My laptop is equipped with a Core i7 processor with 4 cores that can execute in parallel 8 processes. My R-Project computations use only one single core, if I use the default instructions. I have ended up by thinking that it is a pity that other cores are just sitting idle (sort of), instead of contributing to the speed of my computations, even if I do not run yet really heavy ones in my research. As a consequence, I have started to look for an easy way to use all cores in R-project. And, indeed, there is an easy solution to this problem. It uses the

**doMC**library, and the instructions**foreach**and**%dopar%**.
For example, for computing linear models with different dependent variables and a given set of exogenous ones, one can do the following computations:

library(doMC) # There are other parallel computing libraries

registerDoMC() # You mud register one of them for foreach

getDoParWorkers() # Indicates you how many cores have been detected by registerDoMC()

Suppose that you have a dataset called mydata, containing the dependent variables y1, y2, y3, and the independent variables, x1,x2,x3.

We can execute in parallel the estimation of linear models of each y on the set of independent variables, by executing the following code:

myVariableList <- c("y1", "y2", "y3")

results <-

**foreach**(i = 1:length(myVariableList),.errorhandling="stop",.inorder=TRUE)**%**

**dopar%**{

model <- lm(as.formula(paste(myVariableList[i],"~x1+x2+x3")),data=mydata)

return(model)

}

**%dopar%**executes these estimations on different cores, in parallel and a list of the estimated models is saved in the variable results.

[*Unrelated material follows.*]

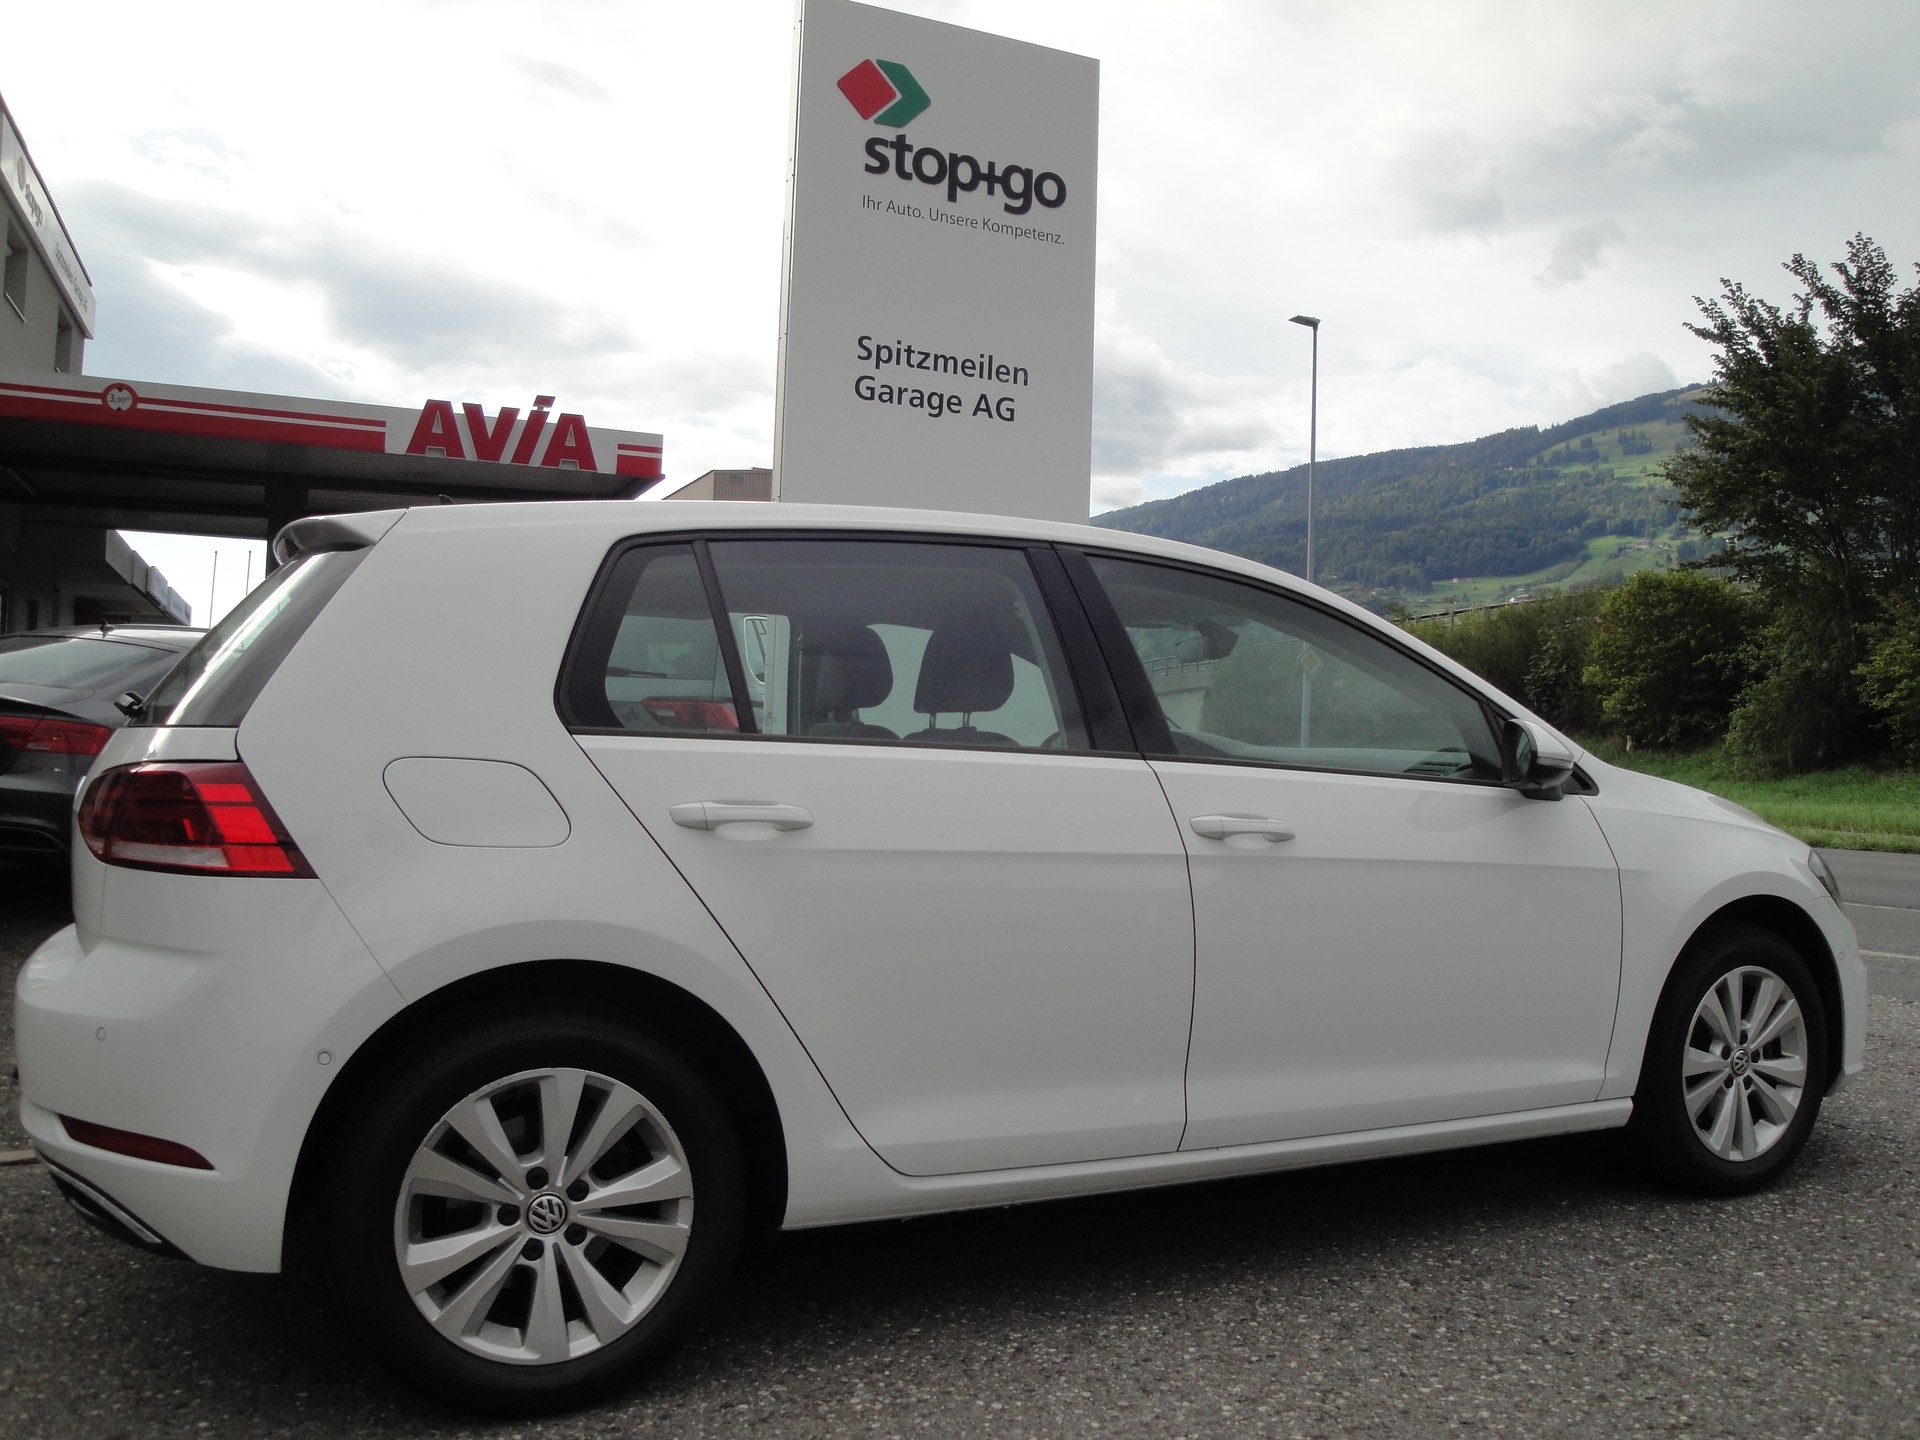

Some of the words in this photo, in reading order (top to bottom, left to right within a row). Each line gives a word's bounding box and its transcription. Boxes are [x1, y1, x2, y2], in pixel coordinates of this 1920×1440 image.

We can now look at the characteristics of the estimated models, by printing them successively on the output of R:

for (i in 1:length(results)) { print(summary(results[[i]])) }

Voilà!

Of course, this possibility is especially useful for more complex computations, like stepwise regressions with many independent variables, that can take some time, or regression trees with big datasets, etc.